A few thoughts from me:
My skinny brother used to eat AT LEAST 14, yes 14 Weetabix A DAY, every day, caked in half an inch of sugar and full fat milk. He is, and always was, a bag of bones. We had full fat milk, proper butter, puddings with custard or a milk pudding every day, but like others, were very active. We walked/biked to school (a mile away), we spent the whole of the school holidays outdoors, biking miles to other villages, meeting other children to play with, and being out for 8-10 hours a day in the summer. We swam daily in our primary school swimming pool when the weather was warm enough, again spending hours each day down there. I even remember cycling to my grandparents regularly when aged only 5 or 6 and that was a full 5 miles away, up and down hills. Children these days are more interested in playing on their DSs, computers, mobile phones, watching the tv or playing on games consoles. Cycling isn't as safe as it was back then, there are way too many cars to make it very safe in most areas, and children just aren't allowed out to play on their own anymore. Nowadays children expect to be driven everywhere, or at least jump on a bus. Walking is a major deal to them. Things have changed so much.
All food we ate though was home cooked from scratch. We mostly ate meat (fish on Fridays) and veg, including potatoes and as I said, always a pudding. Roast on Sundays, cold leftover meat and veg on Mondays!
I am a childminder and have over 20 years experience. All the children I look after bring their own packed lunches and some bring an evening meal for me to warm up for them. Once upon a time I used to cook for them, but it got a joke when I had half a dozen children from four or five different families, all having different tastes, and me struggling to cook any meal that all the children would eat. I ended up wasting so much. The one and only thing children these days seem to want to eat is PASTA. Children are so lazy with food. They don't seem to be able to use a knife, they all chase food around a plate with a fork. I remember eating the most ropey bits of meat when I was young, but you were made to chew and chew and you were never allowed to spit it out. Meat is a hundred times better quality these days, but children now act as if you are trying to poison them with the smallest piece of roast meat, they just won't eat it. Vegetables too, many will only eat one or two vegetables. Ask what they would like, and they all say Pasta. It's easy. It's soft. No effort to chew or swallow it. But most put either bolognese, pesto or cheese sauce on it, and many invariably smother it with cheese too. So many children end up with constipation too, as they don't have enough roughage in their diets.
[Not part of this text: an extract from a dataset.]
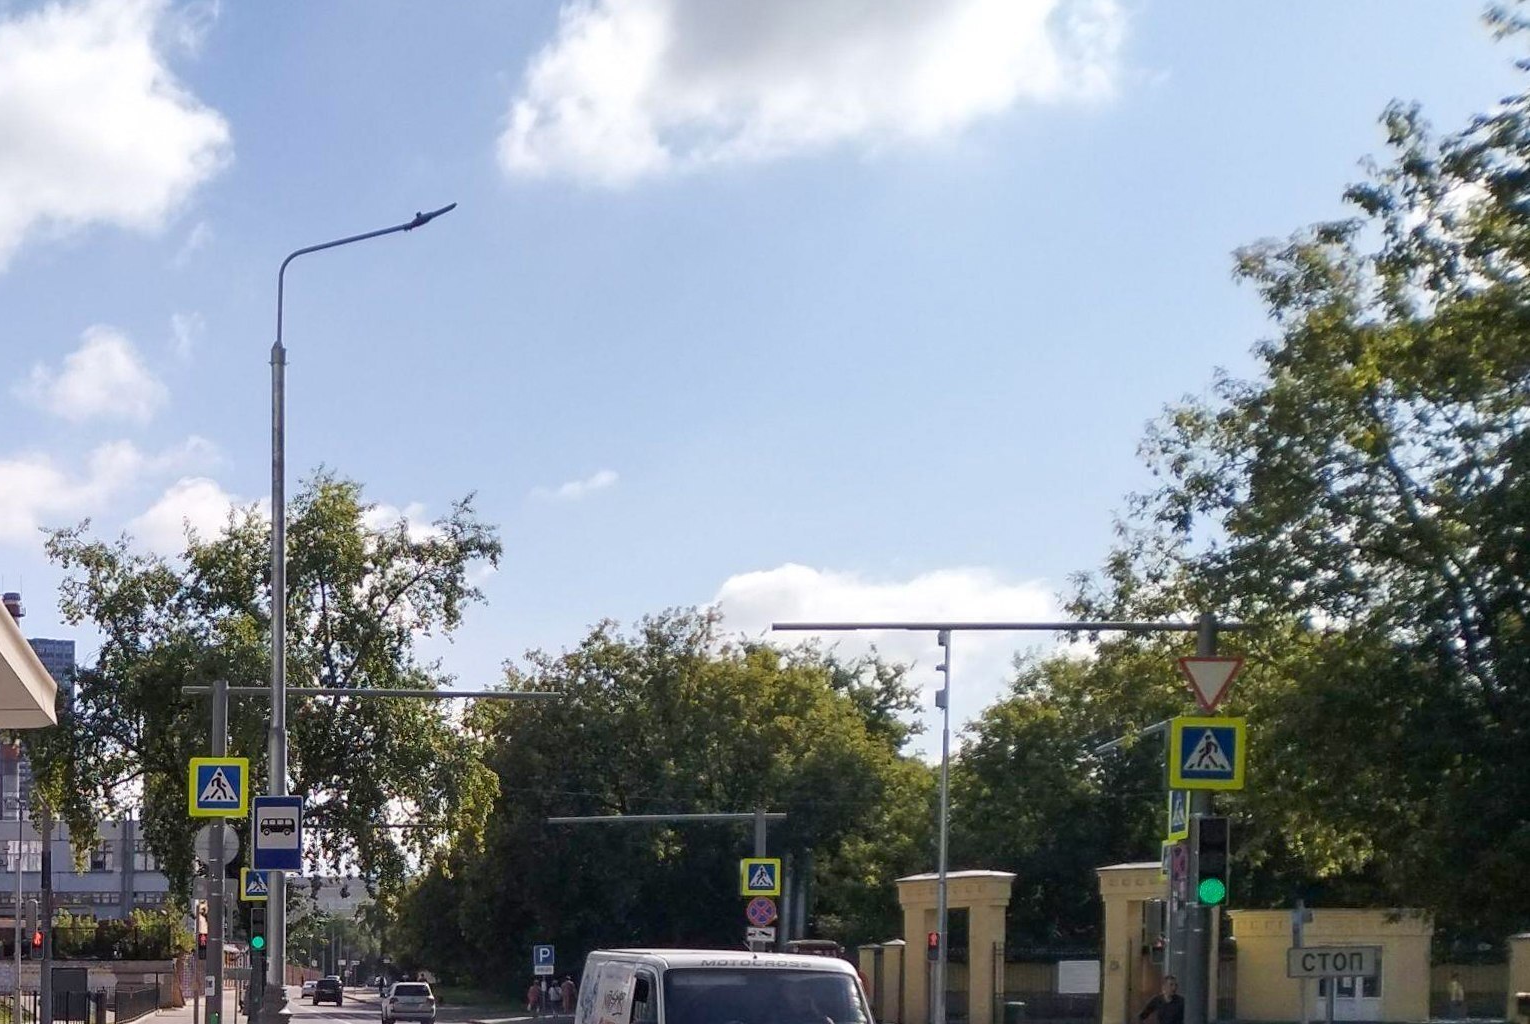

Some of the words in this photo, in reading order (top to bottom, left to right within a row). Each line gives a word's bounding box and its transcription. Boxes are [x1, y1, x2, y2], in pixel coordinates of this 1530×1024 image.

[539, 948, 550, 963] P
[1302, 952, 1364, 972] СТОП
[700, 959, 812, 969] MOTOCROSS
Lunchboxes. Well in our day we had cooked school dinners. Pretty good quality too. Again, meat, veg, potatoes and pudding. Very occasionally we had spaghetti bolognese (I think it had just been invented in the 70's
) but mostly it was potatoes for carbs. And water for a drink.
Childrens lunchboxes today - well I would say about 75% of the children I look after have pretty dire lunchboxes, despite all the media hype about them.
I do have one family whose lunchboxes are wonderful, yesterday they had crackers, cheese, ham, cucumber, celery, crisps, yoghurt & apple. But this is an exceptional luncbox. Many have the chocolate spread, cakes, biscuits, crisps, just a token 6 or 7 grapes if they are lucky.
There are all these awful snacky things on the market too aimed at children, some of which are just junk, some encourage awful table manners. Cheese strings, what are they all about? They encourage children to pick the cheese to pieces. Now they make cheese strings spaghetti too. Ok, I appreciate children need some fat and the protein & calcium cheese offers, but just a slice or two in a sandwich would suffice. Dairylea dips. All sorts of salt rich biscuity/crisp type things to dip into the cheese. Mini packs of chocolate rich biscuits. Individual wrapped cakes. What's wrong with a meat egg or cheese sandwich, a yoghurt and and apple/banana/satsuma or two?
And snacking. What's that all about??? In the good old days you had 3 square meals a day, and if you were lucky, a cup of warm milk (and sometimes a biscuit) at bedtime. You were properly hungry and tucked in heartily to your meal, even the bits you weren't too fond of. These days children seem to want to graze all day long, and it seems to be encouraged. Playgroups, nurseries and infant classes all seem to provide snacks for mid morning and mid afternoon. If the children ate a decent breakfast they shouldn't need to snack. We didn't. I don't think children really understand what hunger really feels like anymore, they are always half full. They nibble on the junk then can't eat the healthy bits off their plates. I only ever provide a bit of a snack after school for those not getting an evening meal until probably 6ish, then I offer fruit/veg cut up, and sometimes some cubes of cheese. It's not meant to be a meal.
Oh dear, look what you've started now!